A Python identifier is a name used to identify a variable, function, class, module or other object. An identifier starts with a letter A to Z or a to z or an underscore (_) followed by zero or more letters, underscores and digits (0 to 9).

Python does not allow punctuation characters such as @, $, and % within identifiers. Python is a case sensitive programming language. Thus, Manpower and manpower are two different identifiers in Python.

Rules for Python Identifiers

Python identifiers must follow these rules ?

  • Must start with a letter (a-z, A-Z) or underscore (_)
  • Can contain letters, digits (0-9), and underscores
  • Cannot start with a digit
  • Cannot contain spaces or special characters (@, $, %, etc.)
  • Case sensitive (Age and age are different)
  • Cannot be a Python keyword

Valid and Invalid Examples

Valid Identifiers

# Valid identifier examples
name = "John"
age_limit = 18
_private_var = 100
user123 = "Alice"
MyClass = "Example"

print(name, age_limit, _private_var, user123, MyClass)
John 18 100 Alice Example

Invalid Identifiers

# These will cause syntax errors
2name = "Invalid"        # Cannot start with digit
user-name = "Invalid"    # Hyphen not allowed
class = "Invalid"        # Python keyword
user@email = "Invalid"   # Special character not allowed

Naming Conventions

Python follows these naming conventions ?

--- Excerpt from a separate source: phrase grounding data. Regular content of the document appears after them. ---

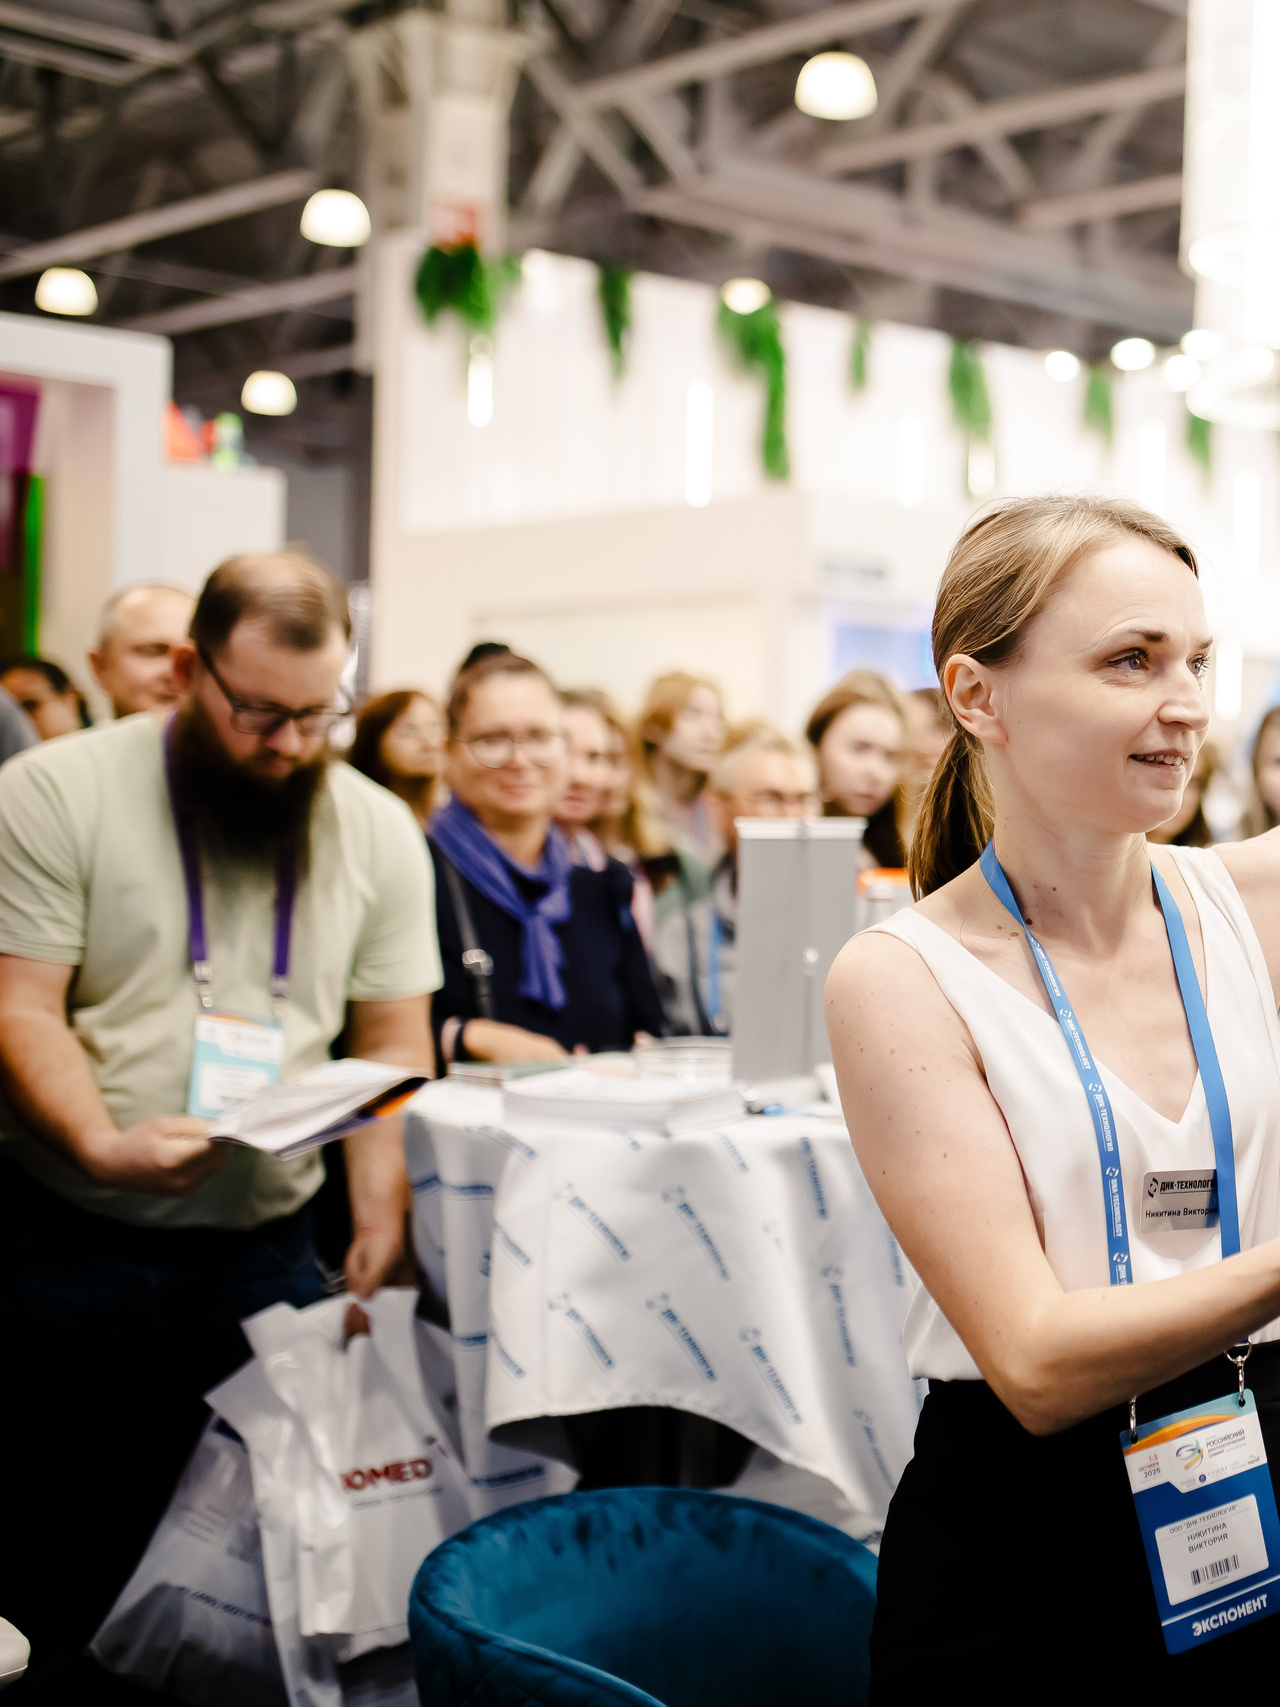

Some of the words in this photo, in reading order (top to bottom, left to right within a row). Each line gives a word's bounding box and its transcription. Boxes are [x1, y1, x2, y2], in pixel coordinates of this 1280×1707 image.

[1146, 1210, 1180, 1218] Никитина
[1187, 1522, 1227, 1542] НИКИТИНА
[1188, 1532, 1228, 1554] ВИКТОРИЯ
[1192, 1593, 1268, 1637] ЭКСПОНЕНТ
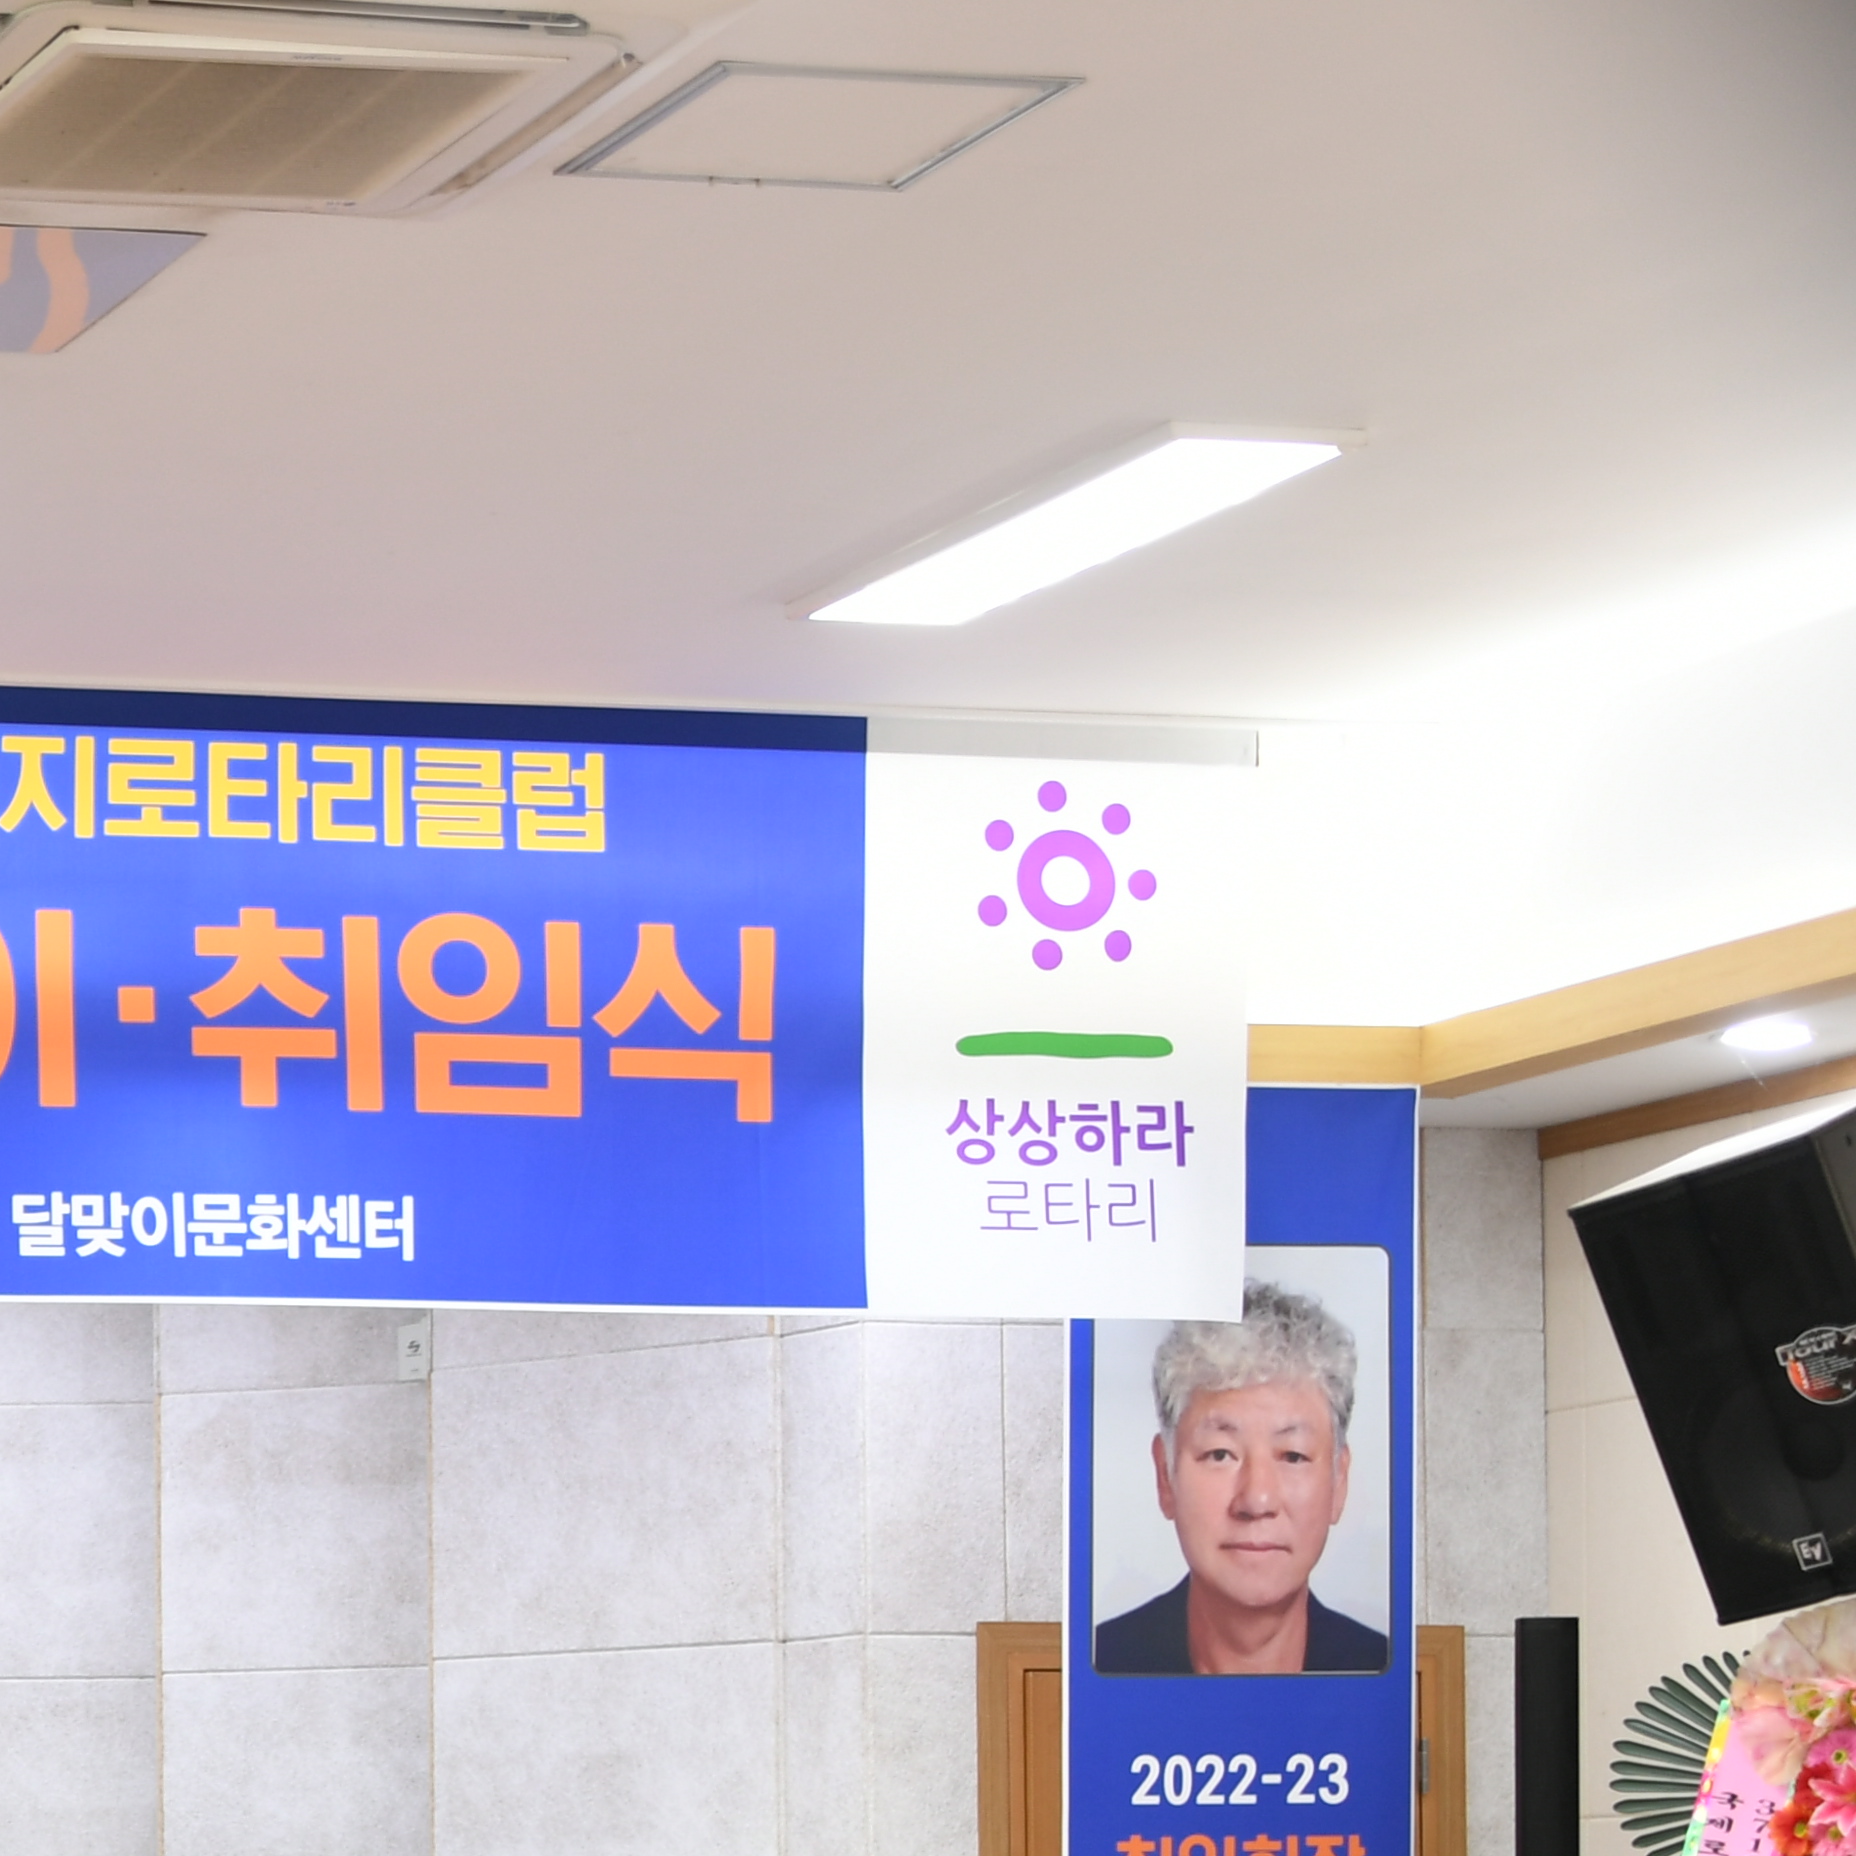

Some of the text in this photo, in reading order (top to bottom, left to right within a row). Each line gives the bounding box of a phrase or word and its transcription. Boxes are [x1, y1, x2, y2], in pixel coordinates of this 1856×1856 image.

[945, 1098, 1194, 1167] 상상하라
[12, 1191, 415, 1262] 달맞이문화센터
[980, 1178, 1156, 1242] 로타리
[1130, 1754, 1350, 1806] 2022-23

  • Variables and functions: Use lowercase with underscores (snake_case)
  • Classes: Use CamelCase starting with uppercase
  • Constants: Use ALL_UPPERCASE with underscores
  • Private variables: Start with single underscore (_variable)
  • Name mangling: Start with double underscore (__variable)
  • Special methods: Surrounded by double underscores (__init__)

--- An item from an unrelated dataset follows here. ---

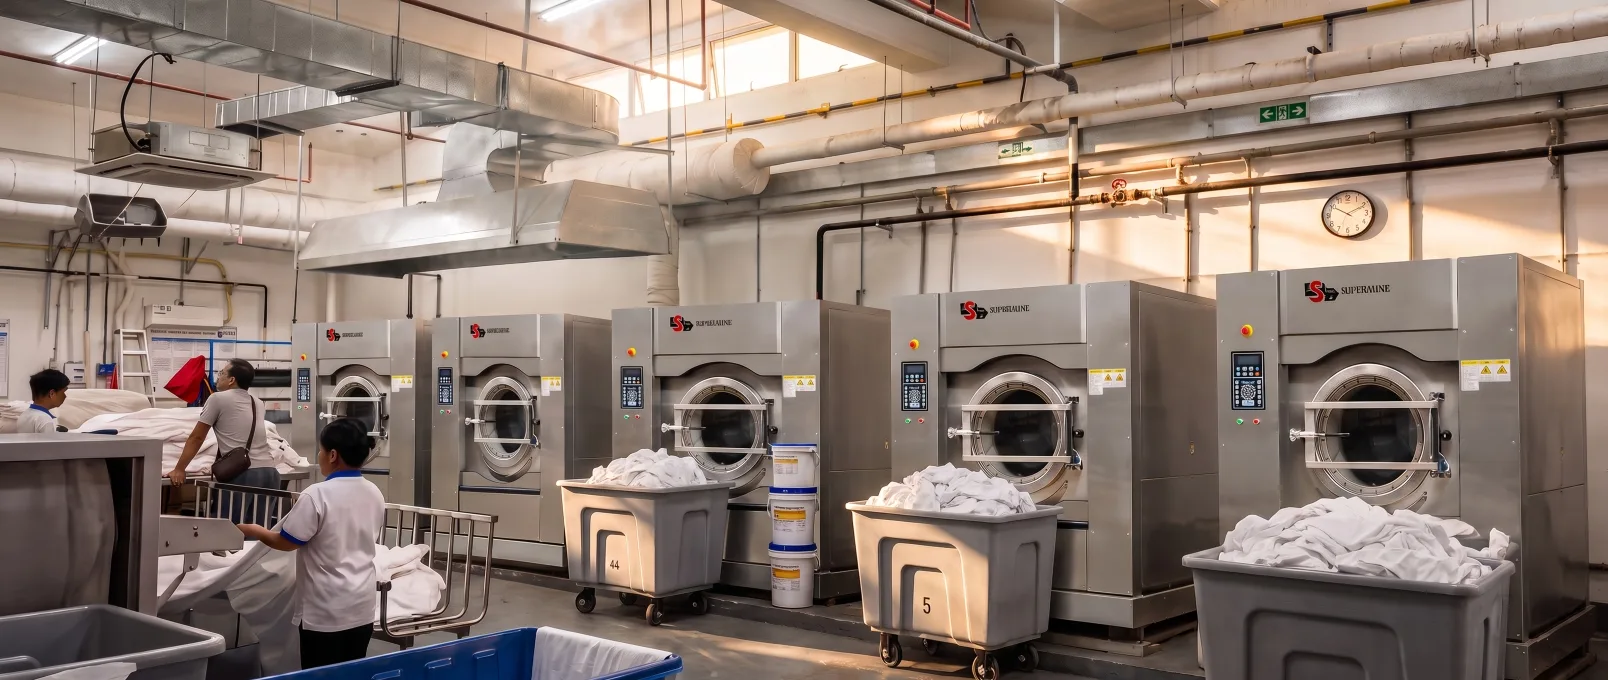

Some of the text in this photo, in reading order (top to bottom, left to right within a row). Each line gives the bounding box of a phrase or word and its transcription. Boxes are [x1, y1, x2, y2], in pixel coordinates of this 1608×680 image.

Examples of Naming Conventions

# Variables and functions (snake_case)
user_name = "Alice"
total_count = 50

def calculate_age():
    return 25

# Class names (CamelCase)
class StudentRecord:
    pass

# Constants (ALL_UPPERCASE)
MAX_SIZE = 100
PI_VALUE = 3.14159

print(f"User: {user_name}, Count: {total_count}")
print(f"Max size: {MAX_SIZE}")
User: Alice, Count: 50
Max size: 100

Reserved Keywords

Python has reserved keywords that cannot be used as identifiers ?

import keyword

# Display all Python keywords
keywords = keyword.kwlist
print(f"Total keywords: {len(keywords)}")
print("First 10 keywords:", keywords[:10])
Total keywords: 35
First 10 keywords: ['False', 'None', 'True', 'and', 'as', 'assert', 'break', 'class', 'continue', 'def']

Conclusion

Python identifiers must follow specific rules and naming conventions for clean, readable code. Use descriptive names, follow snake_case for variables and CamelCase for classes, and avoid reserved keywords.